As noted above, Pacific Fisheries is the creature of an interstate compact. It is not an Oregon public corporation. The geographic area it serves is not limited primarily to the State of Oregon; rather, under the terms of the interstate compact, it represents and serves a multistate area. The interests and geographic area served by Pacific Fisheries are regional, and Pacific Fisheries cannot be considered to be confined geographically within the State of Oregon. An organization that was created by and includes other states, is controlled by a board with equal representation from each state, and is charged with advising the several governments on issues concerning the region as a whole, is not “in this state” within the meaning of ORS 307.090(1). It follows that Pacific Fisheries is not entitled to a property tax exemption under ORS 307.090 and that the county correctly denied Pacific Fisheries’ application for a tax exemption.
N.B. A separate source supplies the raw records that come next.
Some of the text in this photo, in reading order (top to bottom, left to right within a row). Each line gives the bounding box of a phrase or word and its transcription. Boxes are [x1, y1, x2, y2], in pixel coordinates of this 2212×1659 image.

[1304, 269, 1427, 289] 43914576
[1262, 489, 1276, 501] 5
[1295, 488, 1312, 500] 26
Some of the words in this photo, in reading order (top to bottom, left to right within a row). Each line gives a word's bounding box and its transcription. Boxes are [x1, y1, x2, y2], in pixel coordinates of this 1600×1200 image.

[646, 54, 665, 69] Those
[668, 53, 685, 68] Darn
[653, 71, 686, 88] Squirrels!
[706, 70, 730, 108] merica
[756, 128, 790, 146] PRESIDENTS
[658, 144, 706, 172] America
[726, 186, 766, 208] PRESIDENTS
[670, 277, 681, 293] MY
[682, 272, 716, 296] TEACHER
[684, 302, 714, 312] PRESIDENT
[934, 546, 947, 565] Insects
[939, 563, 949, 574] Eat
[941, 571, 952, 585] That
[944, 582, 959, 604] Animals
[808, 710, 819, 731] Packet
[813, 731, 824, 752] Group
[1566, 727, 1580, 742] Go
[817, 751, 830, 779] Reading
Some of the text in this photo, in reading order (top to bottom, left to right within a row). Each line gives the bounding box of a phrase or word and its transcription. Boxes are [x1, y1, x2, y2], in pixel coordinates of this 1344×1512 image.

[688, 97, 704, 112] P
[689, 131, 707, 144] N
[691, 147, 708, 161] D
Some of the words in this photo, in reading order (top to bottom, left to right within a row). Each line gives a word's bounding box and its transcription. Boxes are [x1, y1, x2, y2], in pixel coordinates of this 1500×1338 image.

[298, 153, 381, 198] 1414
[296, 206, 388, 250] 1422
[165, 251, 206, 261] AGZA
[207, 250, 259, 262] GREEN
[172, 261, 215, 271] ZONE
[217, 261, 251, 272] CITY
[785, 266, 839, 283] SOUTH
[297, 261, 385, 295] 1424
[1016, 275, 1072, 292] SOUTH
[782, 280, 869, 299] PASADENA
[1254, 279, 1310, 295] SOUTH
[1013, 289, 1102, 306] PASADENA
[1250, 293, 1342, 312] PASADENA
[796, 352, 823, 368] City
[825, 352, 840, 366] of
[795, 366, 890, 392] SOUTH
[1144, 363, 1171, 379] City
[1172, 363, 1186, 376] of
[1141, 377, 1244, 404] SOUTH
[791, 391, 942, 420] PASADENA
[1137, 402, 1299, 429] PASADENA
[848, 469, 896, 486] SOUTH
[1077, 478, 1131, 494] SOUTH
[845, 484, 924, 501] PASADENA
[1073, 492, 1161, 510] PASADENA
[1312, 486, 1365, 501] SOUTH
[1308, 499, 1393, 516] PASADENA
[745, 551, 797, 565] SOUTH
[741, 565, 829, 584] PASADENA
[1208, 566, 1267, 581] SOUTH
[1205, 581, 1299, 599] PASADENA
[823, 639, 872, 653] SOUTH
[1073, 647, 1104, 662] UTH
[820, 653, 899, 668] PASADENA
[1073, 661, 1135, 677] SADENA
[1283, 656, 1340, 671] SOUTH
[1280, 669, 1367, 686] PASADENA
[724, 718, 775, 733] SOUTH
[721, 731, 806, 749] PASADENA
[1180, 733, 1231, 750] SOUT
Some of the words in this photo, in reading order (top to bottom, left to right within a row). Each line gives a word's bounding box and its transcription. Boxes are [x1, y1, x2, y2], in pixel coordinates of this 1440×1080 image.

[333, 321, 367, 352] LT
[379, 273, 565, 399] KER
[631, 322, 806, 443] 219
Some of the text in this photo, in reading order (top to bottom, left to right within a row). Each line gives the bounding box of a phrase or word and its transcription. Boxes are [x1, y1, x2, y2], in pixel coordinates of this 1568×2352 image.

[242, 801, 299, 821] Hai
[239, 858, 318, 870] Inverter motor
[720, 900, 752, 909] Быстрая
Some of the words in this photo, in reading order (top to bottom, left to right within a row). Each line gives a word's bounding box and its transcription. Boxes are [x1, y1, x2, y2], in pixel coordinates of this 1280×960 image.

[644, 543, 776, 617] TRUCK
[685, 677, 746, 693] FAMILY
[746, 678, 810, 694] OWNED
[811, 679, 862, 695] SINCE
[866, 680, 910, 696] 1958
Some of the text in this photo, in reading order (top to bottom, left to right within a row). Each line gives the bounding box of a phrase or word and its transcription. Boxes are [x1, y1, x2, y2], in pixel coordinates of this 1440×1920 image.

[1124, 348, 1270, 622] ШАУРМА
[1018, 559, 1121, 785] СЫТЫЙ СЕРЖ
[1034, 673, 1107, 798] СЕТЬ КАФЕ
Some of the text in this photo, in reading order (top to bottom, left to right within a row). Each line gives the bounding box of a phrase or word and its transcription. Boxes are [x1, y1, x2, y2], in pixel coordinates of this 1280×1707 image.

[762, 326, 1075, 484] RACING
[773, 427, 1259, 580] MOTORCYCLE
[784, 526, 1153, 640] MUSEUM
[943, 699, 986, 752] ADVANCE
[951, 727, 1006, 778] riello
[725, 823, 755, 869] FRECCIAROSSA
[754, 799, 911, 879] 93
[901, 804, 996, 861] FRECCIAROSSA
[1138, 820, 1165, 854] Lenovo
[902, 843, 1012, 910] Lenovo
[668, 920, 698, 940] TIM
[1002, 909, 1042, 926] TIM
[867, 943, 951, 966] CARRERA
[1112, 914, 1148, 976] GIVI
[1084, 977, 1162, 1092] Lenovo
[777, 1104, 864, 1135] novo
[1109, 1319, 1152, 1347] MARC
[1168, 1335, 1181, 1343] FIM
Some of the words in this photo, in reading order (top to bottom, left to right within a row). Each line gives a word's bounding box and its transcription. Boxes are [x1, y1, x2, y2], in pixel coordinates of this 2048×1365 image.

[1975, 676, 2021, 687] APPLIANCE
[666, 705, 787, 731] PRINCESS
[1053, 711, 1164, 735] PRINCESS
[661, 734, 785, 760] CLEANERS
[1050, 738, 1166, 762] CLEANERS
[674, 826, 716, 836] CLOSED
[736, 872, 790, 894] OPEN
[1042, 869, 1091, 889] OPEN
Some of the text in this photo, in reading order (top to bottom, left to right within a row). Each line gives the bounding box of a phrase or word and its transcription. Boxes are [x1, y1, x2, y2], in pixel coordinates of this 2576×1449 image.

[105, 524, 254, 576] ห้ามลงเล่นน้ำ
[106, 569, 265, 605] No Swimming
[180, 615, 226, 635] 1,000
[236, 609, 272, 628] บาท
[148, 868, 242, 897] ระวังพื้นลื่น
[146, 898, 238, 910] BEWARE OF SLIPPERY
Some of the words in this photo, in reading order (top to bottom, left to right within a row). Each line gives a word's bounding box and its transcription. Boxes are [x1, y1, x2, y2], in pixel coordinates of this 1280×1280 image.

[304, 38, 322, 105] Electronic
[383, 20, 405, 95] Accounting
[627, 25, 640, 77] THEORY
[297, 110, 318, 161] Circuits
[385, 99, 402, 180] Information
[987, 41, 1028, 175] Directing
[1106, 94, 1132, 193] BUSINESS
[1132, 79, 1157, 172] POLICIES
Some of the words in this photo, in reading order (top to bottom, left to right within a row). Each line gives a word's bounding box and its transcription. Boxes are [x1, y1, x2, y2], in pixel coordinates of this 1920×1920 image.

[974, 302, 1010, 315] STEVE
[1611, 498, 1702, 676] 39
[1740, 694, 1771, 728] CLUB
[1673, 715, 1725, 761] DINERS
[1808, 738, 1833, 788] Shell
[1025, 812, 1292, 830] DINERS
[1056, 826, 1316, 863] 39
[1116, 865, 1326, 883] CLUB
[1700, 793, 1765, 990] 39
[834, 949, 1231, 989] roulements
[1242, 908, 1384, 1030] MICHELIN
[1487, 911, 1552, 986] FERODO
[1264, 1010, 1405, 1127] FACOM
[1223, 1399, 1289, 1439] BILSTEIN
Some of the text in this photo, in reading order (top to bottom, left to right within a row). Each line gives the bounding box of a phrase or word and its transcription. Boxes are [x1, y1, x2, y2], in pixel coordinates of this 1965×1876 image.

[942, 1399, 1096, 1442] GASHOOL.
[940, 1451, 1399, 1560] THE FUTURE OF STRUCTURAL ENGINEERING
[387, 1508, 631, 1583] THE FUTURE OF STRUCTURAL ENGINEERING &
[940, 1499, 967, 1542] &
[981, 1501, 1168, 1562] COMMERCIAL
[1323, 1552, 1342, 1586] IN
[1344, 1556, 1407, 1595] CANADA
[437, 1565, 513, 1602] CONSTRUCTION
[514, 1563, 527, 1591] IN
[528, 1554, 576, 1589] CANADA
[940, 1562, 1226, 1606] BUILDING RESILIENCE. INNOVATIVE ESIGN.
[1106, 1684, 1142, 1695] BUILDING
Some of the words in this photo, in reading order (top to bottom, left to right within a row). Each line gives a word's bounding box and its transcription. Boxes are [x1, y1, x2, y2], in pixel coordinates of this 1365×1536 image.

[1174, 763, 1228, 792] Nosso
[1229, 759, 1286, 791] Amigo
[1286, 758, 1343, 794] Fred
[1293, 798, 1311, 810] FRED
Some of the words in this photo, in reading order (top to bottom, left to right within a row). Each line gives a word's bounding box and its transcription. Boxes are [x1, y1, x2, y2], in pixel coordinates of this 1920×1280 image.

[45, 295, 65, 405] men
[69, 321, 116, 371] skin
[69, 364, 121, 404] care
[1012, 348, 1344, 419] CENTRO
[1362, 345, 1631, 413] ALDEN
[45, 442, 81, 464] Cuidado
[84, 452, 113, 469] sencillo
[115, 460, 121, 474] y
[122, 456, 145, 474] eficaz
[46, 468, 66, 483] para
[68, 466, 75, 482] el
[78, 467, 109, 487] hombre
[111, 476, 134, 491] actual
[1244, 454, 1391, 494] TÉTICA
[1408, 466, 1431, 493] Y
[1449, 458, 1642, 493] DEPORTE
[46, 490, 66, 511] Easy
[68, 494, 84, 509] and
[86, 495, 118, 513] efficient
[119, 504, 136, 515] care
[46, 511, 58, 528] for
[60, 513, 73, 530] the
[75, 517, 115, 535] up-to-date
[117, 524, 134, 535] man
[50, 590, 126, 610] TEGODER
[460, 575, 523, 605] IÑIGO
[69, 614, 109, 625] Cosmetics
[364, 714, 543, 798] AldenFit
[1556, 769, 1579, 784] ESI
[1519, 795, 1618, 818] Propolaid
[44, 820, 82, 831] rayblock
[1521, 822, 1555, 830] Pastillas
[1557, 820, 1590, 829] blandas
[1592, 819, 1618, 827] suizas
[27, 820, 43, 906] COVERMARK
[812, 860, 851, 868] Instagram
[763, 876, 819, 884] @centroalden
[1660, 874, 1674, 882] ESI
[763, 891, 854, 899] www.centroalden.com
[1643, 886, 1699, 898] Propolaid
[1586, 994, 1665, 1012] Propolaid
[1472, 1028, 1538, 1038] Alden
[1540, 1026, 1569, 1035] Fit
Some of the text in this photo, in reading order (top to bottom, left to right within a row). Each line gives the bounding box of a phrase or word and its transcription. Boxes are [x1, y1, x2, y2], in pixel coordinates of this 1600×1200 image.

The judgment of the Tax Court is affirmed. 
      
       ORS 507.040 sets out the terms of the interstate compact. The compact became effective on Congress’ approval, US Const, Art I, § 10, which occurred in 1947. Act of July 24, 1947, Pub L No 80-232, 61 Stat 419-422. After Congress approved the compact, Alaska and Idaho became members of Pacific Fisheries.
     
      
       ORS 307.112(1) provides, in part:
      “Real or personal property of a taxable owner held under lease, sublease or lease-purchase agreement by an institution, organization or public body, other than the State of Oregon, granted exemption or the right to claim exemption for any of its property under ORS 307.090 * * * is exempt from taxation * *
     
      
       Article XI, section 2, provides, in part, that “[c]orporations may be formed under general laws, but shall not be created by the Legislative Assembly by special laws.”
     
      
       Later decisions have divided over whether Dunn correctly decided that the hoard of directors was a public corporation; more specifically, some decisions questioned whether the board was a state agency rather than an independent corporate entity. See State ex rel Kleinsorge v. Reid, 221 Or 558, 566-70, 352 P2d 466 (1960) (summarizing cases). There is no claim that Pacific Fisheries is a state agency, and the concern that led some of this court’s later decisions to question the result in Dunn is absent here.
     
      
       McQuillin explains that a state is a public corporation largely because it operates as an independent entity:
      “A state does not come within the literal terms of any commonly employed definition of the word ‘corporation.’ But when viewed in the larger sense, states have continuous existence, a name, may sue and, under certain circumstances, may be sued. They have political powers of legislation and administration applying to the area of their jurisdiction, and they derive their existence and all their powers from the people, from whom comes also the authority of legislatures to create private and municipal corporations.”
      McQuillin, 1 Municipal Corporations § 2.03.30.
     
      
       Grammatically, the phrase “in this state” could modify “property” or the entities listed in the statute. We conclude that the phrase modifies and thus limits the listed entities for two reasons. First, ORS 307.030(1) provides that “[a]ll real property within this state * * * shall be subject to assessment and taxation * * *[.]” (emphasis added). If the phrase “in this state” in ORS 307.090 modified “property,” it would add nothing to that statute and be mere surplusage. See State v. K. P., 324 Or 1, 8, 921 P2d 380 (1996) (noting that this court must attempt to give meaning to all of the words of a statute). Moreover, the phrase “in this state” follows the list of entities eligible for a tax exemption, making it likely that the phrase applies to those entities, not the word property, which appears at the beginning of ORS 307.090. See State v. Webb, 324 Or 380, 386, 927 P2d 79 (1996) (describing the rule of the last antecedent).
     
      
       The state could, of course, exempt Pacific Fisheries from property tax if it chose to do so. But, as the statutes are currently written, Pacific Fisheries is not eligible for an exemption.